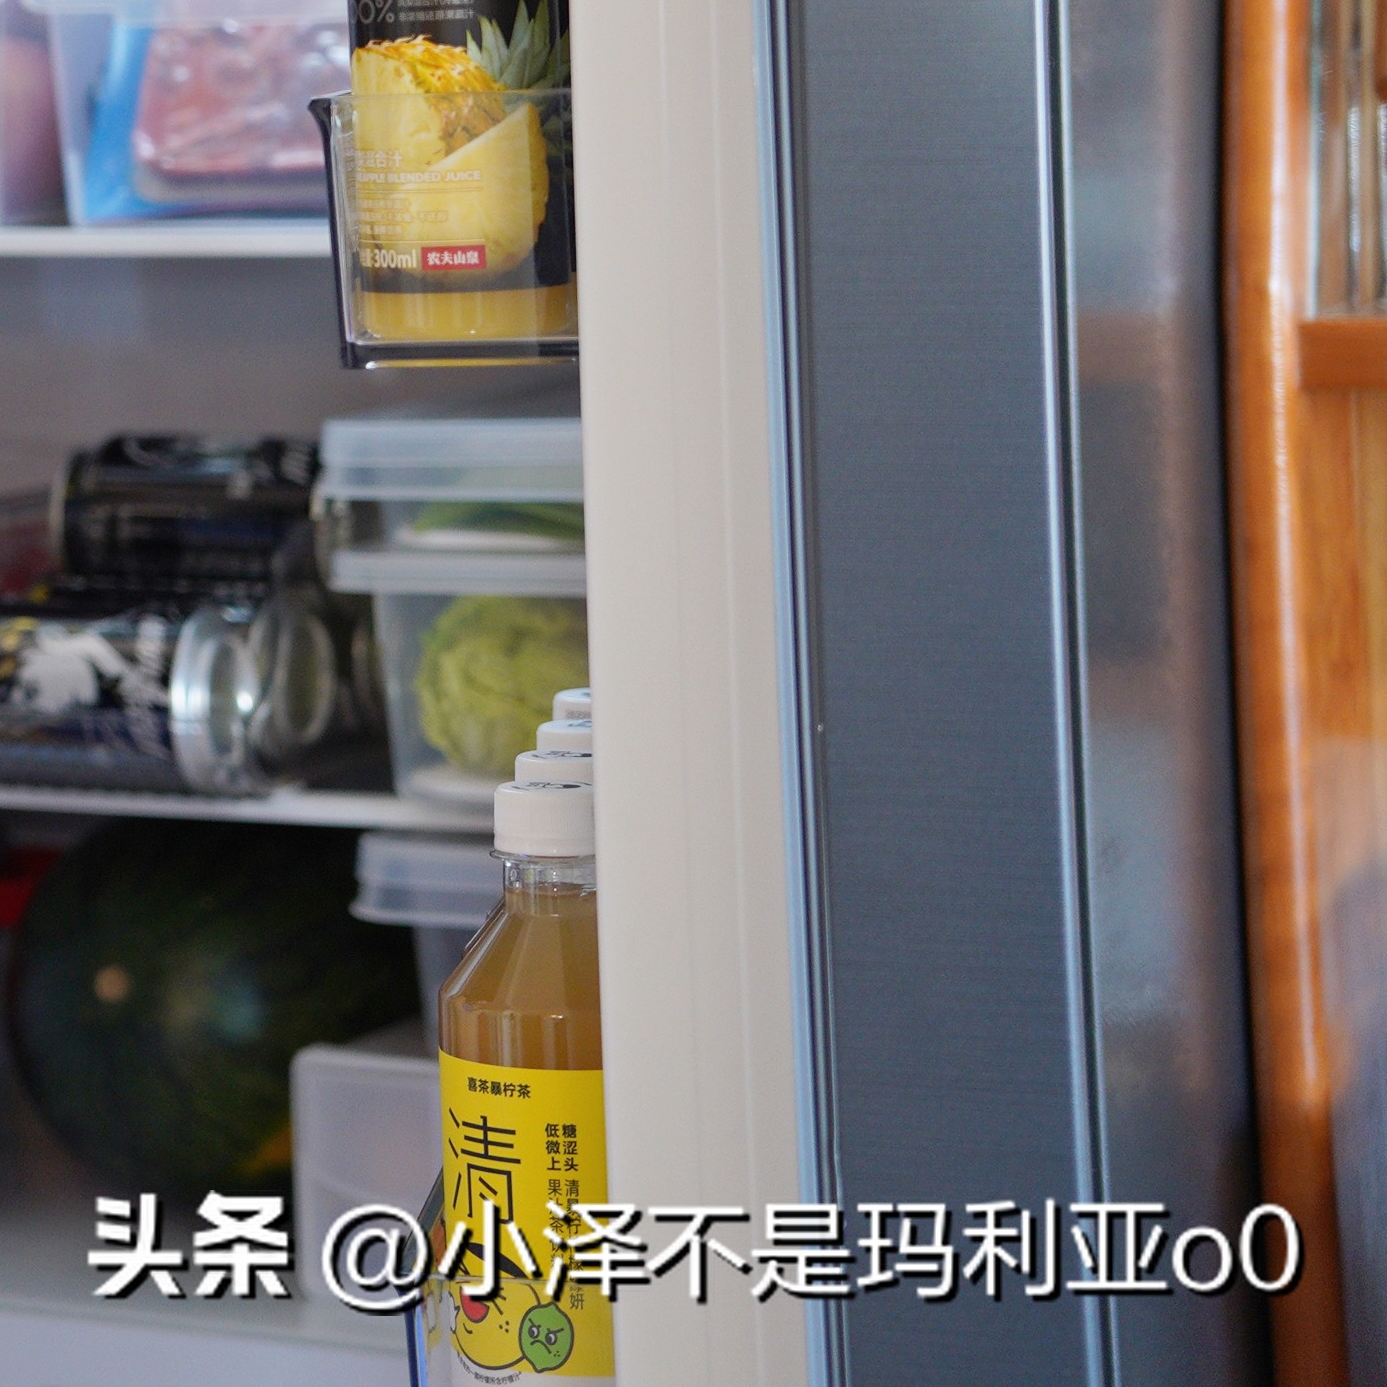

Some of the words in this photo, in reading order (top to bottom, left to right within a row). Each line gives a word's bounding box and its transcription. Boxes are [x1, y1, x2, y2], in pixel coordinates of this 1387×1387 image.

[387, 171, 441, 183] BLENDED
[444, 170, 482, 182] JUICE
[427, 250, 480, 265] 农夫山泉
[467, 1076, 531, 1100] 喜茶暴柠茶
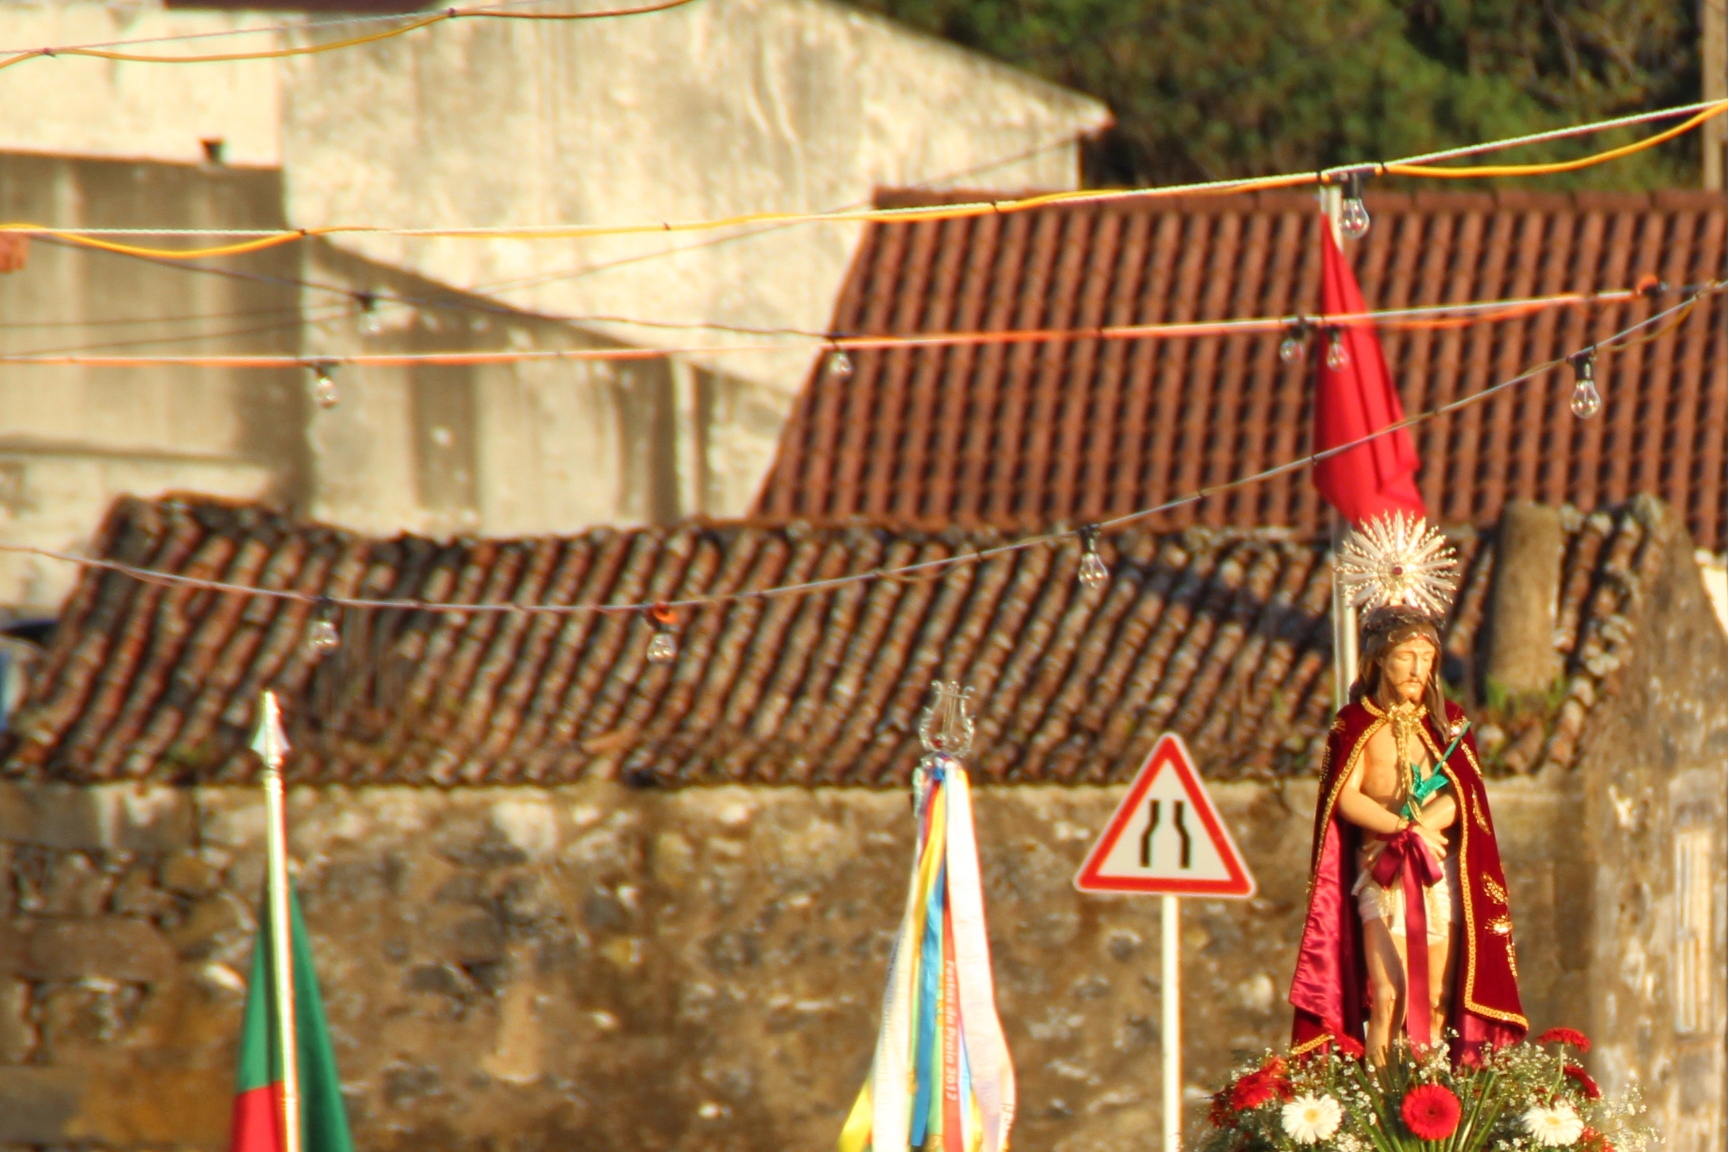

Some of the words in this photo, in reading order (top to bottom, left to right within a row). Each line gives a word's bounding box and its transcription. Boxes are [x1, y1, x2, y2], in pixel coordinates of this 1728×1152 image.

[945, 960, 956, 1003] Festas
[945, 1005, 957, 1024] da
[945, 1027, 956, 1064] Praia
[945, 1066, 957, 1101] 2012
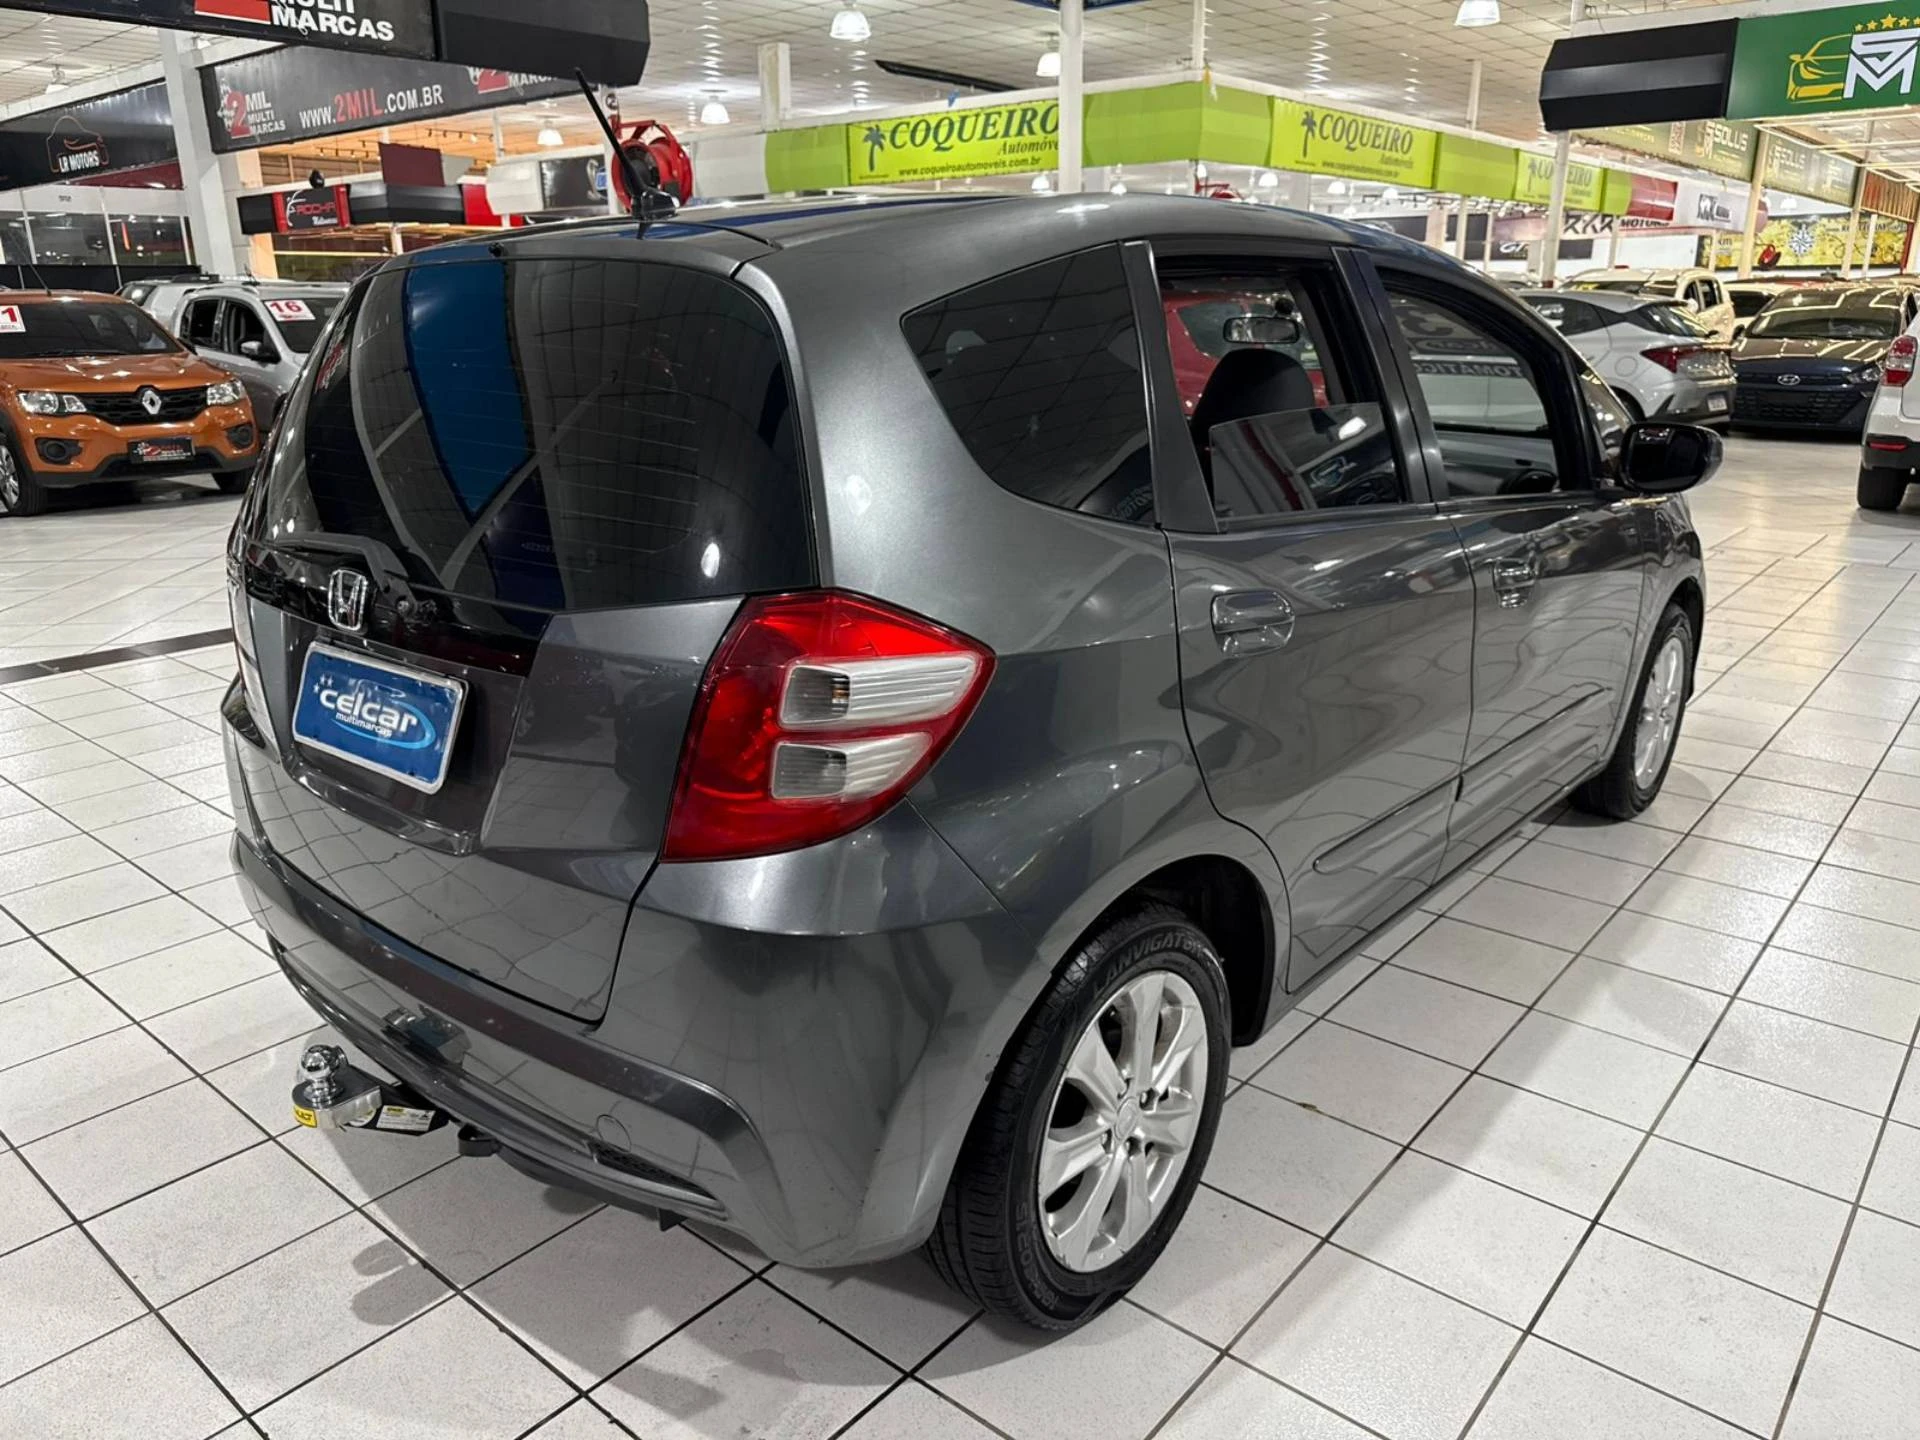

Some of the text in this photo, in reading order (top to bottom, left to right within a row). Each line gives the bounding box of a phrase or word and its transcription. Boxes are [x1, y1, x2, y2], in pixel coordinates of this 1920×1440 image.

[271, 5, 395, 41] MARCAS
[244, 90, 272, 112] MIL
[299, 84, 444, 129] WWW.2MIL.COM.BR
[248, 110, 274, 125] MULTI
[250, 120, 286, 135] MARCAS
[889, 104, 1059, 152] COQUEIRO
[1319, 113, 1413, 155] COQUEIRO
[68, 150, 100, 171] MOTORS
[270, 301, 302, 313] 16
[319, 689, 418, 733] celcar

+===+

Your objective >>
Write out the records above once more, word for word, with no pictures.

Answer >>
Some of the words in this photo, in reading order (top to bottom, left to right within a row). Each line gives a word's bounding box and its transcription. Boxes are [x1, y1, x2, y2], in pixel coordinates of this 1387×1387 image.

[387, 171, 441, 183] BLENDED
[444, 170, 482, 182] JUICE
[427, 250, 480, 265] 农夫山泉
[467, 1076, 531, 1100] 喜茶暴柠茶

Some of the words in this photo, in reading order (top to bottom, left to right within a row). Each line gives a word's bounding box and its transcription. Boxes are [x1, y1, x2, y2], in pixel coordinates of this 1728×1152 image.

[945, 960, 956, 1003] Festas
[945, 1005, 957, 1024] da
[945, 1027, 956, 1064] Praia
[945, 1066, 957, 1101] 2012

Some of the text in this photo, in reading order (top to bottom, left to right within a row). Each line gives the bounding box of a phrase or word and its transcription. Boxes are [x1, y1, x2, y2], in pixel coordinates of this 1920×1440 image.

[271, 5, 395, 41] MARCAS
[244, 90, 272, 112] MIL
[299, 84, 444, 129] WWW.2MIL.COM.BR
[248, 110, 274, 125] MULTI
[250, 120, 286, 135] MARCAS
[889, 104, 1059, 152] COQUEIRO
[1319, 113, 1413, 155] COQUEIRO
[68, 150, 100, 171] MOTORS
[270, 301, 302, 313] 16
[319, 689, 418, 733] celcar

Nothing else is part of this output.